* _ASSIGNMENT_
Set every record down verbatim and omit the pictures.

* _SOURCE DATA_
______

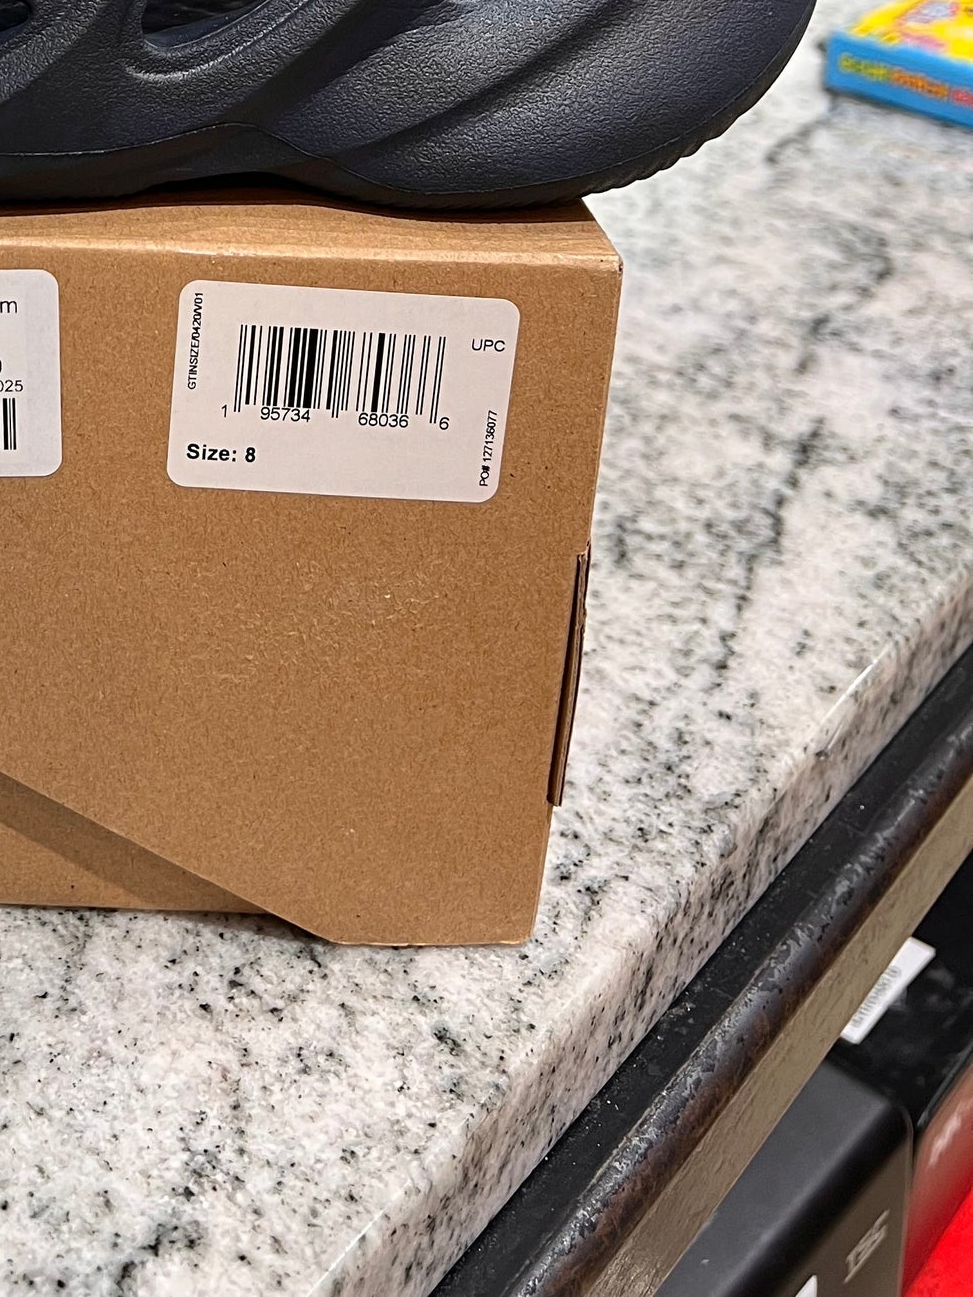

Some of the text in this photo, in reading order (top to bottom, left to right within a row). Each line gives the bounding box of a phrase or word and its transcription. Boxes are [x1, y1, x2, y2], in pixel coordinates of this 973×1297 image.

[471, 339, 506, 353] UPC
[221, 404, 450, 431] 1 95734 68036 6
[186, 443, 257, 463] Size: 8
[478, 410, 498, 487] PO# 127136077

______

* _OUTPUT BELOW_
Some of the text in this photo, in reading order (top to bottom, left to right within a row). Each line gives the bounding box of a phrase or word and its transcription. Boxes are [x1, y1, x2, y2], in pixel coordinates of this 973×1297 image.

[471, 339, 506, 353] UPC
[221, 404, 450, 431] 1 95734 68036 6
[186, 443, 257, 463] Size: 8
[478, 410, 498, 487] PO# 127136077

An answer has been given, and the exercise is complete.